The nucleus as a regulator of the cell cycle. How mechanical perturbations affect the length of the G1 phase.

Regarded as the seed of any form of life, the cell is a complex and stunning system capable of performing a great variety of tasks. In order to properly complete its functionalities, precise mechanisms of control are necessary during the cell life (i.e. the cell cycle). Among them, great importance is given to the ones related to size homeostasis; indeed, experimental evidence has shown that size is cell type-specific and is important in monitoring cell function. The actual state of knowledge in the field has identified three main 'checkpoints' for this regulation: the reduction or starting point, at the G1/S transition, which defines the border between growth and DNA replication; a checkpoint at the G2/M transition, which is related to the division between the pre-mitotic phase and the mitotic one; and the spindle checkpoint that ensures the correct progress of the mitotic phase. The former has attracted great interest already in the past since the length of the G1 phase seems to be the most variable during the cell cycle. Experimental observations have demonstrated that the compression of the nucleus is fundamental to undergo the G1/S transition and that this flattening is strictly connected to a delicate balance of fluxes of metabolites inward and outward of the nucleoplasm.

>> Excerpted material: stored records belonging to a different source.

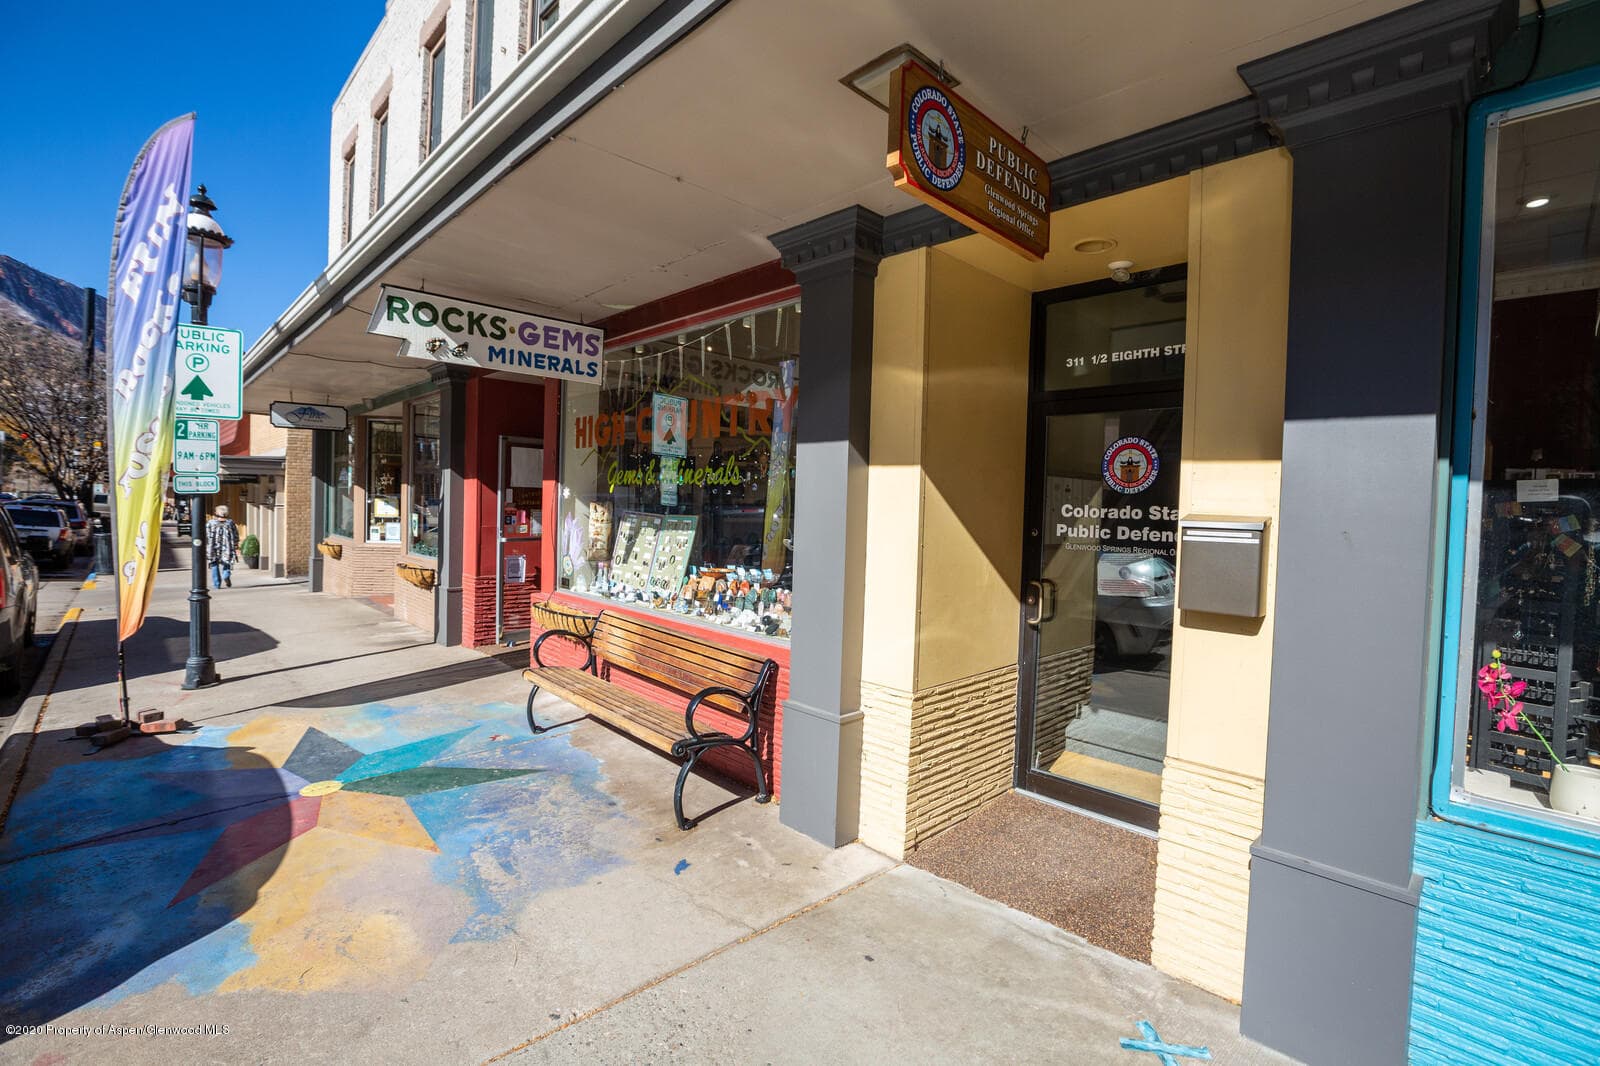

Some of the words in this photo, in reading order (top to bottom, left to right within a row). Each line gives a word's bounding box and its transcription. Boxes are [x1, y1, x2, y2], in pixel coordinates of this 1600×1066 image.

[911, 88, 947, 113] COLORADO
[947, 106, 964, 144] STATE
[910, 133, 931, 178] PUBLIC
[931, 161, 964, 190] DEFENDER
[989, 135, 1038, 185] PUBLIC
[976, 149, 1046, 213] DEFENDER
[984, 183, 1016, 211] Glenwood
[1017, 207, 1038, 226] Springs
[988, 200, 1016, 224] Regional
[1016, 220, 1035, 238] Office
[180, 329, 225, 343] UBLIC
[386, 295, 507, 340] ROCKS
[518, 321, 601, 357] GEMS
[176, 340, 230, 354] ARKING
[1066, 356, 1084, 368] 311
[1091, 353, 1108, 365] 1/2
[1111, 347, 1160, 362] EIGHTH
[487, 345, 599, 378] MINERALS
[177, 422, 186, 437] 2
[575, 411, 625, 449] HIGH
[637, 384, 799, 444] COUNTRY
[189, 431, 216, 439] PARKING
[1104, 437, 1139, 460] COLORADO
[1139, 438, 1159, 460] STATE
[607, 460, 643, 494] Gems
[645, 458, 656, 485] &
[1103, 471, 1124, 492] PUBLIC
[1124, 470, 1159, 494] DEFENDER
[1061, 503, 1143, 520] Colorado
[1056, 523, 1111, 540] Public
[1116, 526, 1178, 543] Defen
[1064, 542, 1102, 552] GLENWOOD
[1102, 544, 1132, 555] SPRINGS
[1132, 546, 1169, 557] REGIONAL

This work will present the theoretical grounds of the hypothesis suggested by the team of Matthieu Piel at the Institute Curie (Paris): the nuclear tension is proposed as a key parameter that couples cell size homeostasis and cell cycle length regulation. The analyses of this tension and how it affects the nuclear shape, the hypothesis of a critical value for the tension that triggers the G1/S transition and its connection with the variability of duration of the G1 phase are the main subjects of this study which allow to go deeper into the understanding of the cell cycle and of the diseases related to its misfunction.